#### Extracted material:
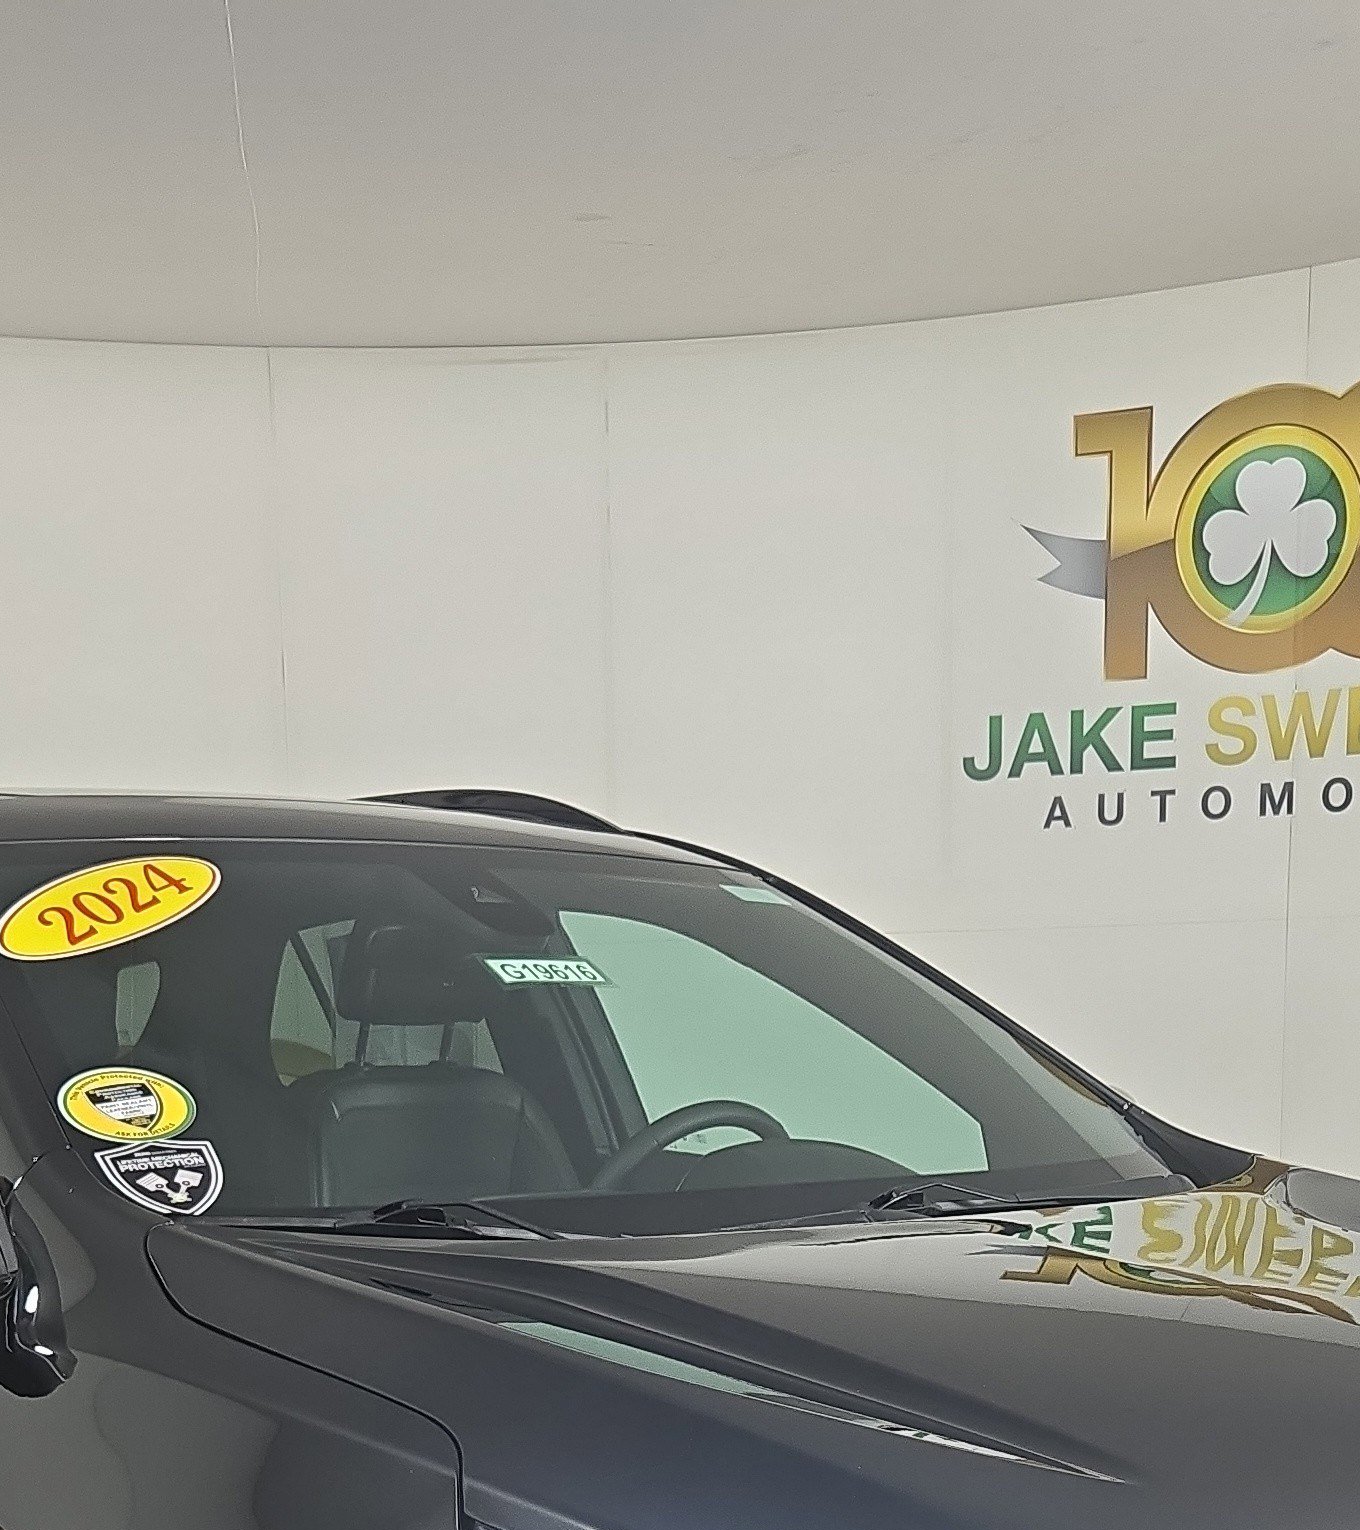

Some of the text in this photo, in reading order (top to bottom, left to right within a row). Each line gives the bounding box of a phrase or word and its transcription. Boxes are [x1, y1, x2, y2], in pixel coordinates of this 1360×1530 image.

[961, 702, 1179, 782] JAKE
[37, 863, 194, 946] 2024
[499, 962, 598, 982] G19616
[99, 1073, 144, 1081] Protected
[118, 1155, 206, 1173] PROTECTION

#### To do:
Reproduce the listing above exactly, but skip the pictures.

#### Answer box:
Some of the text in this photo, in reading order (top to bottom, left to right within a row). Each line gives the bounding box of a phrase or word and its transcription. Boxes are [x1, y1, x2, y2], in pixel coordinates of this 1360×1530 image.

[961, 702, 1179, 782] JAKE
[37, 863, 194, 946] 2024
[499, 962, 598, 982] G19616
[99, 1073, 144, 1081] Protected
[118, 1155, 206, 1173] PROTECTION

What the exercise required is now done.